Cincinnati Reds Elly’s Cincinnati stop decided to try the Torpille bat in the Reds match on Monday against the Texas Rangers after watching the offensive assault of the Yankees.
De la Cruz went 4-5 with two circuits, a double and seven points produced in the Reds 14-3 victory against the Rangers.

The third goal of Philadelphia Phillies, Alec Bohm, uses a torpedo bat during the sixth round against Colorado rockies in Citizens Bank Park on March 31, 2025. (Eric Hartline / Imagn Images)
“I just wanted to know if it was good,” said Cruz via athletics, “and this is really the case.”
The bats are legal.
The MLB 3.02 rule declares: “The bat must be a smooth round stick no more than 2.61 inches in diameter with the thickest part and no more than 42 inches in length. The bat must be a piece of solid wood.”
The rule also indicates that “experimental” bats cannot be used “until the manufacturer has obtained approval from the major baseball league of its design and manufacturing methods.”
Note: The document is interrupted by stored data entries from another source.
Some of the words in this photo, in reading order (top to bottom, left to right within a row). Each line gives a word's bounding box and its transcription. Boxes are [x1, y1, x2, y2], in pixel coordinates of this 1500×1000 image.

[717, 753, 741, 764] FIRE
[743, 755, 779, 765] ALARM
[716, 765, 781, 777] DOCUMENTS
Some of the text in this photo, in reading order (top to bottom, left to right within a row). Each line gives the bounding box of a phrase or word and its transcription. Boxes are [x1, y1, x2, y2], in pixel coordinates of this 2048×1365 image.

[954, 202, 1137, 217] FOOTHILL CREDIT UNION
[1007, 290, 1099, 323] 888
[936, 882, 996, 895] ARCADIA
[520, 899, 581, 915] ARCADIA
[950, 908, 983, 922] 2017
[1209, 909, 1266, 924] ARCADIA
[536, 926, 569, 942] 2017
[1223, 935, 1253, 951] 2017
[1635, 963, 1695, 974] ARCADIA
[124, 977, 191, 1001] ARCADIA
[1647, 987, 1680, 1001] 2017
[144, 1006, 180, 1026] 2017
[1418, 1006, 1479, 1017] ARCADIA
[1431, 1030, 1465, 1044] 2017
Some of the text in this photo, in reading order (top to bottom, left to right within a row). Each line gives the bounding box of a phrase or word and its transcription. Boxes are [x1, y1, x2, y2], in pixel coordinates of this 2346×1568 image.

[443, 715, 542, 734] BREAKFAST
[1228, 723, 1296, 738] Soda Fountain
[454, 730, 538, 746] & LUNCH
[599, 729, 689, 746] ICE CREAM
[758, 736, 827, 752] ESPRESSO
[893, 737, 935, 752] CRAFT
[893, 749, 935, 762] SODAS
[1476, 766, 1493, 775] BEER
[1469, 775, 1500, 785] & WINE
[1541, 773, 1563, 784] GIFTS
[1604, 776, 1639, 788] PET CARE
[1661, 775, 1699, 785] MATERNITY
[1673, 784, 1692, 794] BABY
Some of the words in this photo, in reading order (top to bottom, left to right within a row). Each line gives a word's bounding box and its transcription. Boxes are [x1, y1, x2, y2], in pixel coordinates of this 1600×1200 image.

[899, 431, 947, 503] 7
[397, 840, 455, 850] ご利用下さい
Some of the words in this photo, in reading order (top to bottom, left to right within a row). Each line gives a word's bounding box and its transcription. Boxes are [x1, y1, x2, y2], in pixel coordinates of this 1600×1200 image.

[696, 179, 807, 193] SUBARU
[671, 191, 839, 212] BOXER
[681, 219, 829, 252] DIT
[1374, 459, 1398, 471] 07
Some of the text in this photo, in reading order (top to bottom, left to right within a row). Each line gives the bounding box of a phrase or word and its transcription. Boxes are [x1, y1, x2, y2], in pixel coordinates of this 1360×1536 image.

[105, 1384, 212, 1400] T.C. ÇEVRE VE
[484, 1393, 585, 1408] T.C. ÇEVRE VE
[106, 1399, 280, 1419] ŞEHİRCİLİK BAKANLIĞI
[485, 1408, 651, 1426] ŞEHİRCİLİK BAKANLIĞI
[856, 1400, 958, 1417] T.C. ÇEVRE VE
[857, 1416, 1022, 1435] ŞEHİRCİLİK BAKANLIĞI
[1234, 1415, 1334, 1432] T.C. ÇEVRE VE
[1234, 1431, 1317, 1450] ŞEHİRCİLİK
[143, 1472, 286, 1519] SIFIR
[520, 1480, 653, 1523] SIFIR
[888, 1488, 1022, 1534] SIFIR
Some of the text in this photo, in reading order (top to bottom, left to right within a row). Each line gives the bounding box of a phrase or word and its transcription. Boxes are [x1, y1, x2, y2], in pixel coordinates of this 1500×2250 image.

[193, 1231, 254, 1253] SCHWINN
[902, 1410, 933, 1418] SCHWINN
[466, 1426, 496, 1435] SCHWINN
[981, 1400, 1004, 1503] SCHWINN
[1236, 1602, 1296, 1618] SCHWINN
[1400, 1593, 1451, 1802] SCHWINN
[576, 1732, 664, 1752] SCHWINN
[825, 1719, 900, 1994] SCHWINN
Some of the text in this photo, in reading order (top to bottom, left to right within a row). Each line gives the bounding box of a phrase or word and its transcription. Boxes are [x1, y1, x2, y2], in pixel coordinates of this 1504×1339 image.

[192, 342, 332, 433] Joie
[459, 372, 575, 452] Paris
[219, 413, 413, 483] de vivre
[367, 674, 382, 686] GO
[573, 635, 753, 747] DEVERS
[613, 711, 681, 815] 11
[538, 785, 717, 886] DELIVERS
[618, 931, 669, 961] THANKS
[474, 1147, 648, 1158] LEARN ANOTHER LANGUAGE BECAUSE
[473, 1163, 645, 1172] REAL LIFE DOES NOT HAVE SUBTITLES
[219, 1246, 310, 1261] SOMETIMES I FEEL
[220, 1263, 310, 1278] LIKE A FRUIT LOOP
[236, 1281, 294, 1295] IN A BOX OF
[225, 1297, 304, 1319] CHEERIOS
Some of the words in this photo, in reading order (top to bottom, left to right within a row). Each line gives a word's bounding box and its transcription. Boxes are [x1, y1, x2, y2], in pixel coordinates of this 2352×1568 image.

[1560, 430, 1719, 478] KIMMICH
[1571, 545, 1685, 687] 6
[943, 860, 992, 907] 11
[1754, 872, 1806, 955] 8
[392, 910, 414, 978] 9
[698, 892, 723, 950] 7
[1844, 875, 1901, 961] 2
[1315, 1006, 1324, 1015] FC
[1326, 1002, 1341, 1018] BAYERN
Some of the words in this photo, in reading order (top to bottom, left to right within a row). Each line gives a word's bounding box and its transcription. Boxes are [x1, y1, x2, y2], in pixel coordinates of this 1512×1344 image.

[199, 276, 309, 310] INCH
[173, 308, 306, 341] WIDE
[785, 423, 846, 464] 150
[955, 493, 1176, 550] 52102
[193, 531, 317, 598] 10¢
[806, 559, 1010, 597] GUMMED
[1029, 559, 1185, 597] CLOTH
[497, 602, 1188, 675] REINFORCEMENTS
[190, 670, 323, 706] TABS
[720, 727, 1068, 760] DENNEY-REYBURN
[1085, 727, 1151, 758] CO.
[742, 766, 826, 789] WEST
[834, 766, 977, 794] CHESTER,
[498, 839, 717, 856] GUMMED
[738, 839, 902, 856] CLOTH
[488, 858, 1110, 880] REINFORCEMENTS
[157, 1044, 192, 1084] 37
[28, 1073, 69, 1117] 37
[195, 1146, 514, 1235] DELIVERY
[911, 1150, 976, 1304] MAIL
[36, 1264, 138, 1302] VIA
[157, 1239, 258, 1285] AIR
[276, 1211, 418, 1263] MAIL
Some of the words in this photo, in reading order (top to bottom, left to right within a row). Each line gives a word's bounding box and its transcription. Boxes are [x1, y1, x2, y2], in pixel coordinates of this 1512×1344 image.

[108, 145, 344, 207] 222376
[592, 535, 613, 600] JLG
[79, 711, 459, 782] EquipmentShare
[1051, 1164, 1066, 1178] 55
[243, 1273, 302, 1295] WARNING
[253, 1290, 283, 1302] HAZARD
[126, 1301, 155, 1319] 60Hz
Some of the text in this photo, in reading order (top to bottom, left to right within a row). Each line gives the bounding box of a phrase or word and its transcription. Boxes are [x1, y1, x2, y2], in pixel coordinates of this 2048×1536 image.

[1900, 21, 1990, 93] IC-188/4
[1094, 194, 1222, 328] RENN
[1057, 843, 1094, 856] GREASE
Leanhardt said he “guaranteed” that he was on the basis of first name with MLB officials who oversee the BAT regulations.
While the teams and the players wanted to be for sure to get their hands on the torpedo bat, some players are content with what they used.
When the Captain of the Yankees and the double winner of the MVP Aaron Judge asked why he had not tried the new torpedo bat, he replied: “What I did in the last two seasons speaks of himself.”

New York Yankees second goal player, Jazz Chisholm Jr. (13), uses a torpedo bat during the first round against Milwaukee Brewers at Yankee Stadium on March 30, 2025. (Brad Penner / Imagn images)
Reds manager Terry Francona said it was perhaps not the bats that led to the new Yankees record.
“I don’t have a big opinion. I think if you go back and look where some of these locations were (thrown against the Yankees), it may not be the bat,” Francona told The Athletic.